For each entry below, write an exact copy and leave out the images.

Content starts

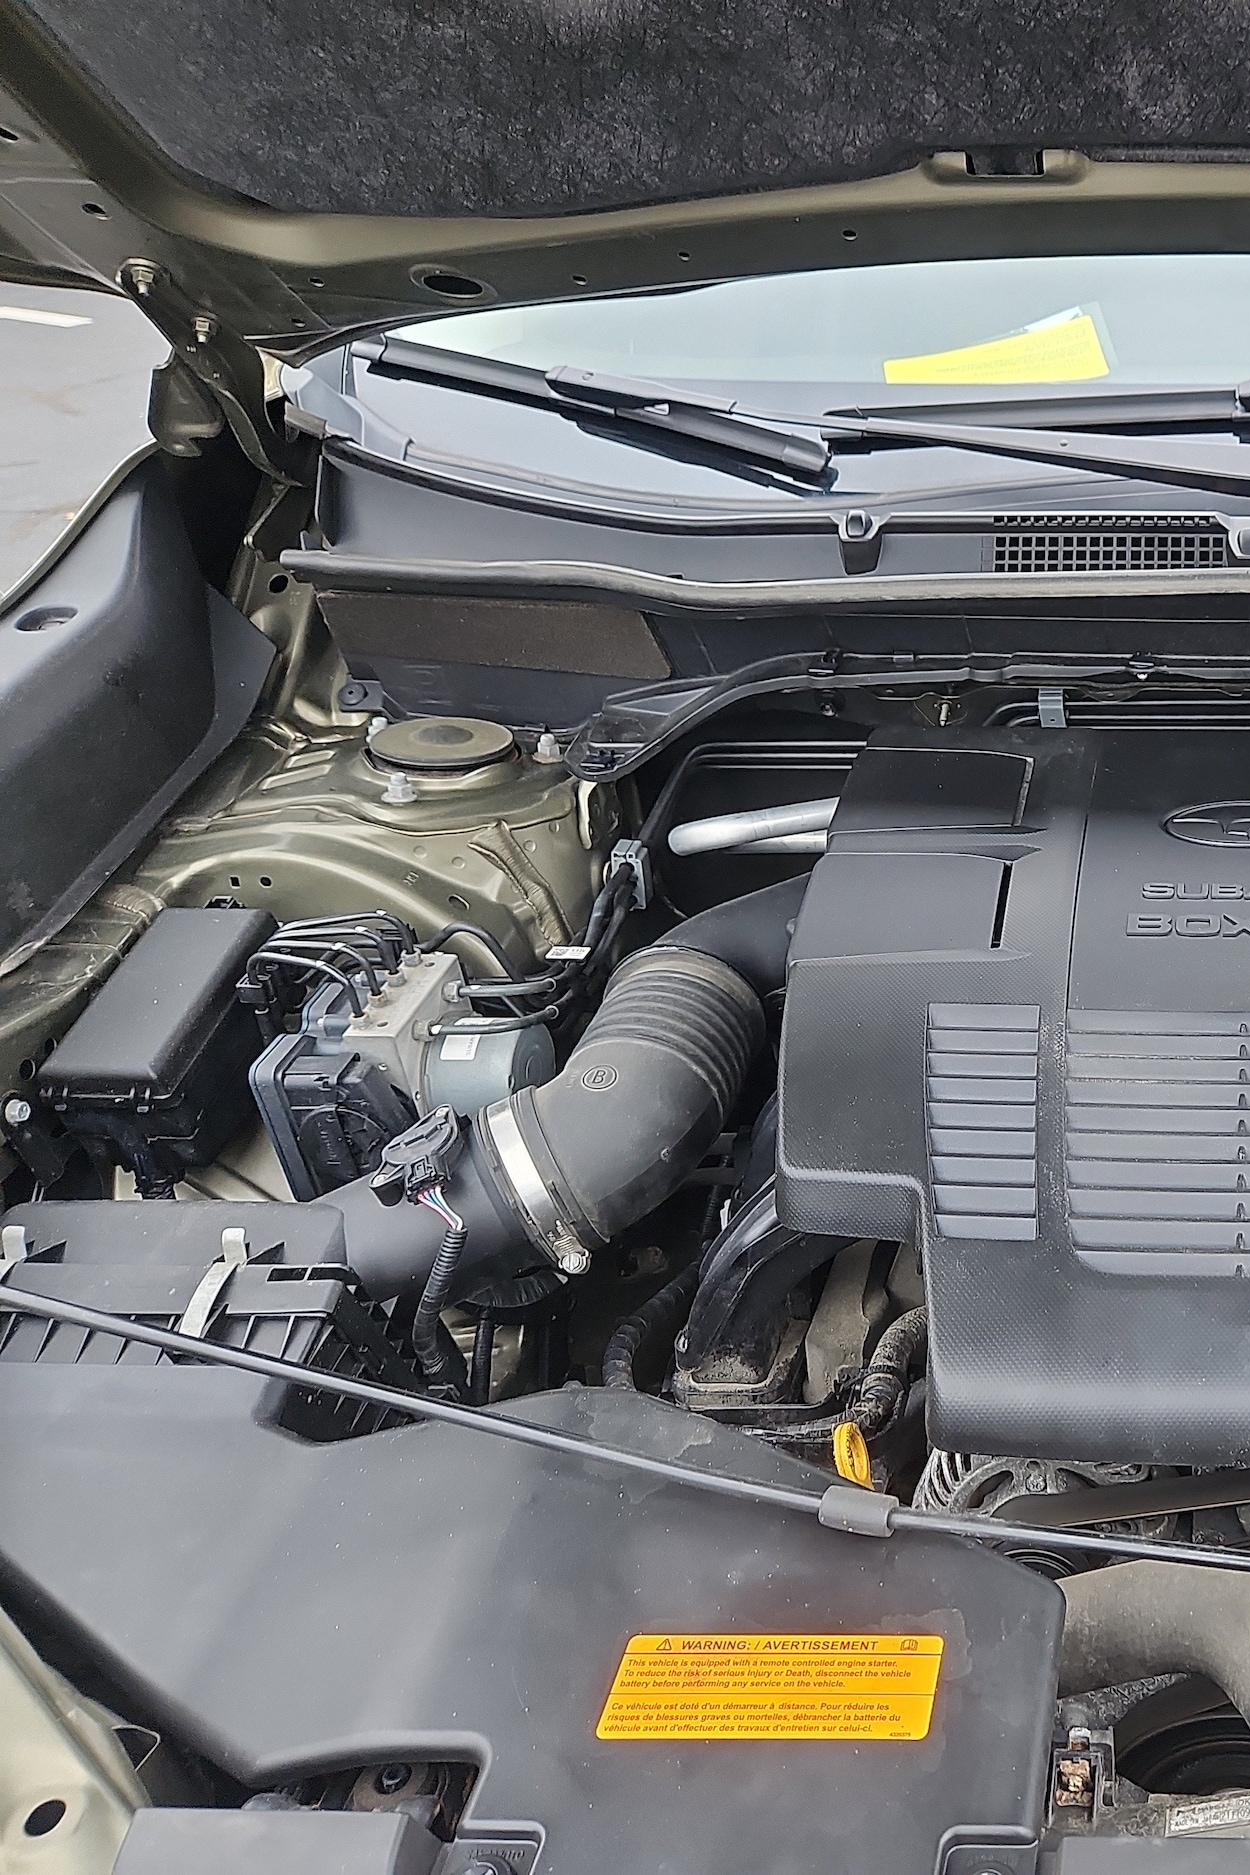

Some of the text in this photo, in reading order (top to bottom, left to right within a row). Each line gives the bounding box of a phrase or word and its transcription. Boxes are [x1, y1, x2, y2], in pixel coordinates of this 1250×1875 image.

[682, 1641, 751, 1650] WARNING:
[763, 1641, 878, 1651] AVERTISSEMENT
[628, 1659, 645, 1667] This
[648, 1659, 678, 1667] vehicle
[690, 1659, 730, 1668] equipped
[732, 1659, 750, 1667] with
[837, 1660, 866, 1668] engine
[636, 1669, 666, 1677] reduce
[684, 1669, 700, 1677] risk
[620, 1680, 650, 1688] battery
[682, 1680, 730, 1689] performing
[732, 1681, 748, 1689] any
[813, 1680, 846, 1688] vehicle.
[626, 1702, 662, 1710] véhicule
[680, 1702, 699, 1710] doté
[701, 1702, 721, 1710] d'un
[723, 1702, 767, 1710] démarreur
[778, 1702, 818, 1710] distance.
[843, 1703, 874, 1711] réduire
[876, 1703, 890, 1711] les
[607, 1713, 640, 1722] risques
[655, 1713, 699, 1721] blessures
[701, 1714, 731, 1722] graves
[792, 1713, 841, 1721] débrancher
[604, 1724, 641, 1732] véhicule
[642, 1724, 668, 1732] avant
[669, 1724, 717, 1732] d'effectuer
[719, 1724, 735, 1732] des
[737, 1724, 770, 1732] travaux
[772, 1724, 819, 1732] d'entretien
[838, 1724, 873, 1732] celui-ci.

Content ends

Reply to the task
Some of the text in this photo, in reading order (top to bottom, left to right within a row). Each line gives the bounding box of a phrase or word and its transcription. Boxes are [x1, y1, x2, y2], in pixel coordinates of this 1250×1875 image.

[682, 1641, 751, 1650] WARNING:
[763, 1641, 878, 1651] AVERTISSEMENT
[628, 1659, 645, 1667] This
[648, 1659, 678, 1667] vehicle
[690, 1659, 730, 1668] equipped
[732, 1659, 750, 1667] with
[837, 1660, 866, 1668] engine
[636, 1669, 666, 1677] reduce
[684, 1669, 700, 1677] risk
[620, 1680, 650, 1688] battery
[682, 1680, 730, 1689] performing
[732, 1681, 748, 1689] any
[813, 1680, 846, 1688] vehicle.
[626, 1702, 662, 1710] véhicule
[680, 1702, 699, 1710] doté
[701, 1702, 721, 1710] d'un
[723, 1702, 767, 1710] démarreur
[778, 1702, 818, 1710] distance.
[843, 1703, 874, 1711] réduire
[876, 1703, 890, 1711] les
[607, 1713, 640, 1722] risques
[655, 1713, 699, 1721] blessures
[701, 1714, 731, 1722] graves
[792, 1713, 841, 1721] débrancher
[604, 1724, 641, 1732] véhicule
[642, 1724, 668, 1732] avant
[669, 1724, 717, 1732] d'effectuer
[719, 1724, 735, 1732] des
[737, 1724, 770, 1732] travaux
[772, 1724, 819, 1732] d'entretien
[838, 1724, 873, 1732] celui-ci.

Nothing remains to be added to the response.